Field Notes · 2026-04-14 · 7 min read

How we make BoardSnap feel instant

The real pipeline from shutter tap to action plan takes about 8–12 seconds. Here's every trick we use to make it feel like 3.

Speed is a feature. But perceived speed is a different feature — one you can control independently of actual latency.

BoardSnap targets a sub-10-second round trip from shutter tap to action plan. On a fast connection with a clean board, we hit around 8 seconds. On a congested network, it can stretch to 14. But here's what I care about more than the raw number: users consistently describe the app as "fast" even when the actual latency is toward the high end. That gap between actual and perceived speed is engineered, not accidental.

Here's how it works.

### Step 1: VisionKit runs on-device immediately

The moment you tap the shutter, Apple's VisionKit starts working — and it runs entirely on-device. No network request. No round trip.

VisionKit detects the whiteboard's bounding quad in real time while you're still pointing the camera. By the time you tap, it already knows where the board is. The perspective correction happens in milliseconds after the shot is taken. The image is straightened, cropped, and normalized before we make any network call.

This matters for two reasons. First, it reduces what we have to send — a properly cropped board image is smaller than a raw wide-angle photo. Second, the user sees an immediate response: the straightened image appears in under a second, which signals that something is happening. You don't stare at a spinner. You see your board, clean and cropped.

### Step 2: Optimistic UI fills the gap

While the image uploads and BoardSnap AI processes it, we show the user a card with the board thumbnail, a pulsing scan line, and the word "Analyzing…"

The card is real. It exists in the project list immediately. You can navigate away, do something else, come back. The result will be there when the processing finishes.

This is the most important piece of perceived speed: we don't make you wait at a spinner screen. The processing happens in the background while you live your life. When it's done, you get a notification — locally delivered, no push required — and the card updates in place.

The alternative — making users stare at a loading bar — would feel slower even if the actual latency were identical. The optimistic card approach is probably responsible for half the "it's so fast" comments we get.

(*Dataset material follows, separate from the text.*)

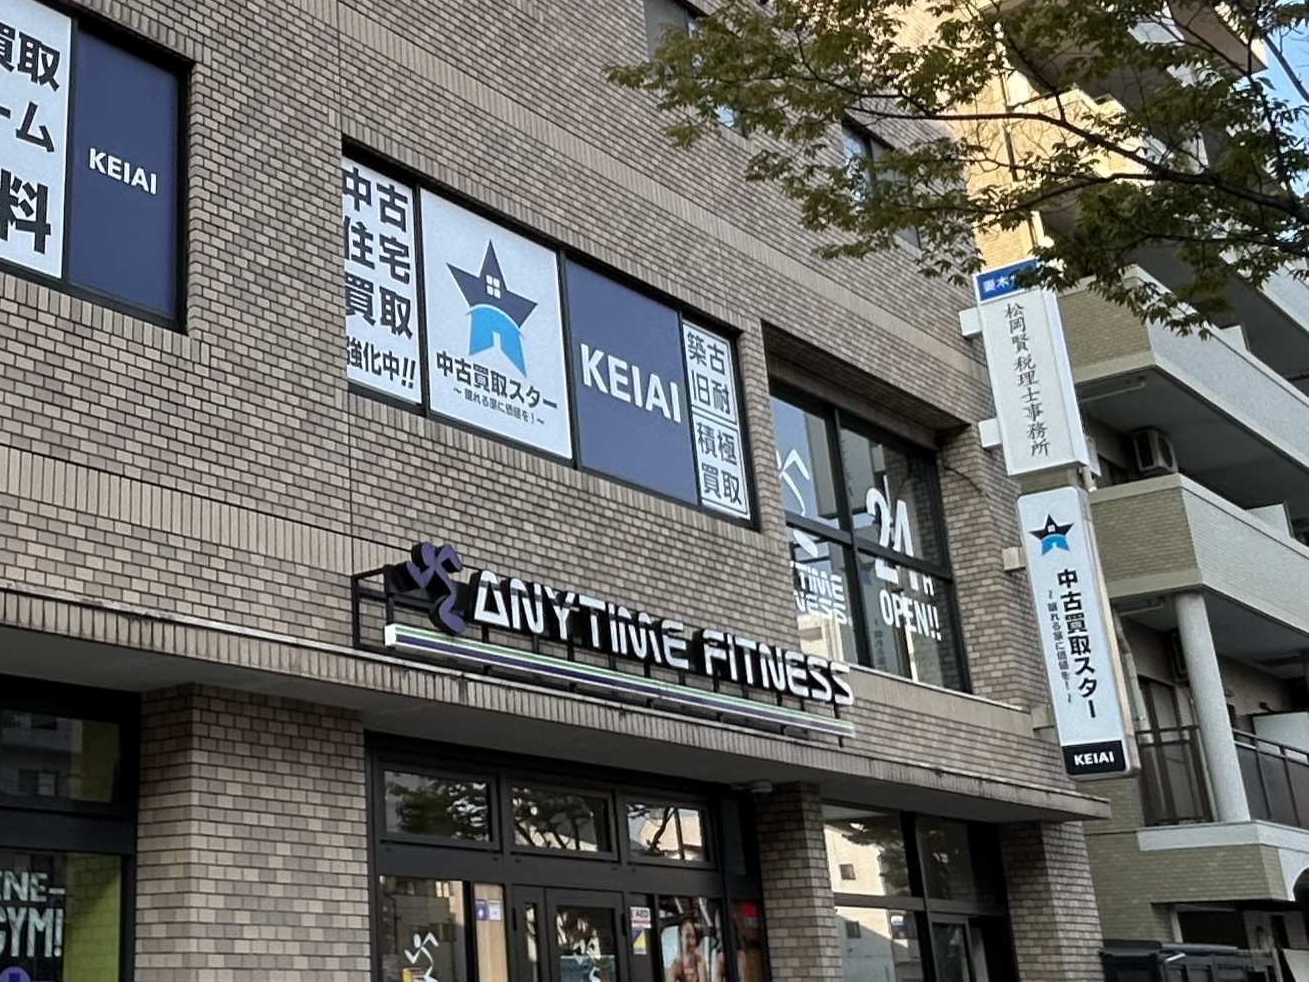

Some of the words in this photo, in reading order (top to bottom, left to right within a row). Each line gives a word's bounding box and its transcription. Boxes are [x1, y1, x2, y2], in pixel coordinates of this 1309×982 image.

### Step 3: Streaming the summary

Once BoardSnap AI starts generating, we stream the response rather than waiting for the full output. Characters appear as they're generated. This is the same technique every chat interface uses, and it works for the same reason: a progressively appearing result feels active rather than waiting.

For a typical whiteboard summary — two or three paragraphs plus a list of action items — the full generation takes 4–6 seconds. Streaming means users see the first words in under a second after processing begins. By the time the last action item appears, the beginning of the summary has been readable for several seconds.

### Step 4: Aggressive caching of project context

BoardSnap's brand-aware AI reads your website URL once and caches the brand context per project. That context doesn't get re-fetched on every snap — it's stored and included in the prompt from cache.

This shaves roughly 1–2 seconds off every subsequent snap in the same project. First snap in a new project pays the full cost. Everything after that gets the cached brand context essentially free.

### Step 5: The offline queue as a speed feature

If you snap a board while offline, BoardSnap doesn't fail — it queues the capture on-device and processes it the moment you're back online. From the user's perspective, this means the app never says no. You can snap a board in a basement, on a plane, in a tunnel.

But here's the non-obvious thing: the queue is also a speed feature for online captures. Because we've built the queueing infrastructure, every snap goes through the same queue — even on a fast connection. This means we can batch, retry, and prioritize intelligently. The queue lets us smooth over network blips without the user ever seeing a failed request.

### What we haven't optimized yet

Transparency: the slowest part of our pipeline right now is image upload on slow connections. A well-lit whiteboard photo after VisionKit processing is typically 300–600KB, which uploads in 1–2 seconds on LTE. On 3G or a congested hotel WiFi, that can stretch to 4–5 seconds.

We're working on a progressive upload approach — send a downsampled preview first, start processing, then send the full-resolution image to replace it. The summary quality on the first pass might be slightly lower, but the perceived start of processing would move up by 2–3 seconds. Shipping that before v1.1.

### The lesson

Actual speed matters up to a threshold. Past that threshold, perceived speed is what users are actually rating. The gap between the two is entirely in your control — through optimistic UI, streaming, caching, and a queue that never says no.

BoardSnap feels fast because we've engineered the perception of speed as deliberately as the actual performance.

Frequently asked

Does BoardSnap work offline?

Yes. BoardSnap queues captures on-device when you have no connection. The moment you're back online, the queue flushes and your summaries appear. You never lose a snap.

How long does a typical BoardSnap analysis take?

On LTE or WiFi, about 8–12 seconds from shutter tap to full action plan. The first visible result (the optimistic card) appears in under a second. The summary streams in progressively from there.